The village of Kernave became a UNESCO World Heritage site in 2004 not only for the curiously shaped hills, which are in fact hill forts, but for the fact that about 10,000 years of continuous human occupation can be traced in the swampland by the river and the adjoining river terrace.
Next to the river, a source of fresh water and a trading route even then, fire places were found where paleolithic semi-nomads produced flint stones and hunting gear. Later on, there were bronze age settlements on the river banks.
Millenia in the archaeological Museum
We stubbornly climb every one of the five Kernave hills and then make our way towards the adjacent Kernave history museum. Again we meet the old woman, who now walks back towards the river, where a few wooden houses are still allowed to stand in the protected archaeological area; the cool bag well filled this time. The village shop must still be open.
To our surprise the museum is quite interesting and good. A lot of the archaeological finds from several millennia are actually exhibited in this tiny village. Excavations of the site only began in the 1970s, led by nearby Vilnius University. Especially the prehistoric finds are impressive, ranging from flint stones and pottery to triangular arrowheads that must have come from the Huns’ attacks on Lithuania in the 3rd century. From later periods beautiful jewelry and some urns and goods from pagan burials in the 13th century are exhibited. Most people were cremated then, and graves contained valuables for the afterlife.

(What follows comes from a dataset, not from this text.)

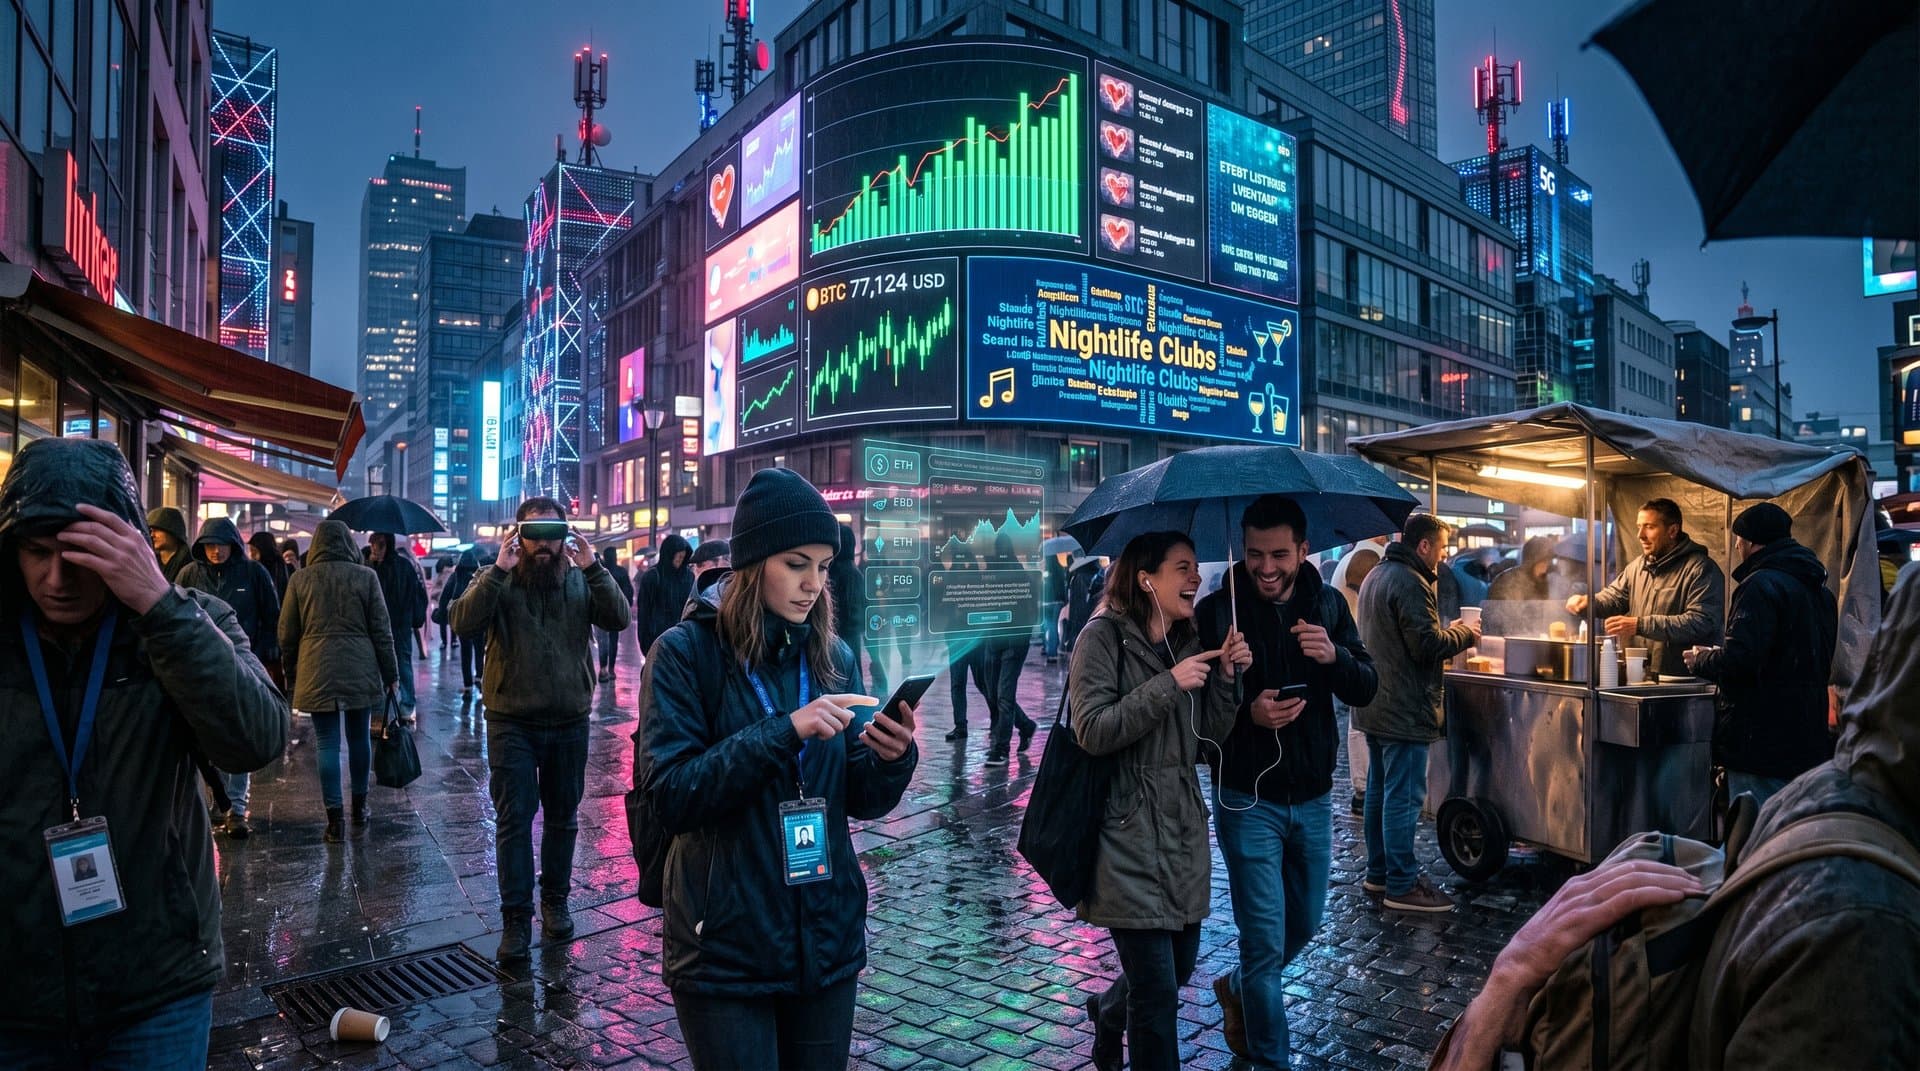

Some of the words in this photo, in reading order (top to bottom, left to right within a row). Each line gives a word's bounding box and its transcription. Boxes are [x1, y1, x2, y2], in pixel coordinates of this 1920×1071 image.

When the museum closes at 4 pm, we still have more than one hour to kill before the bus leaves for Vilnius. There’s only two a day on weekends … So we take another walk around the hill forts in the last daylight and admire the contry’s oldest “paved” road. It just consisted of long fir logs to get safely over the swampland. Finally, we escape the cold and darkness in the village shop, where we meet two friendly Lithuanians who give us a ride back to Vilnius.
Are the Kernave hills worth visiting?
Although the village is nicely situated above the Neris river, there is actually not much to see. The Kernave hill forts are just five green hills… Even the quite detailed explanation panels still don’t succeed in bringing the place to life. If you are interested in UNESCO World Heritage sites you might want to go anyway. We really enjoyed the Kernave museum which is not big, but well-presented.
How to get to the Kernave hills
There are buses from Vilnius directly to Kernave which take about one hour. They go more often on weekdays.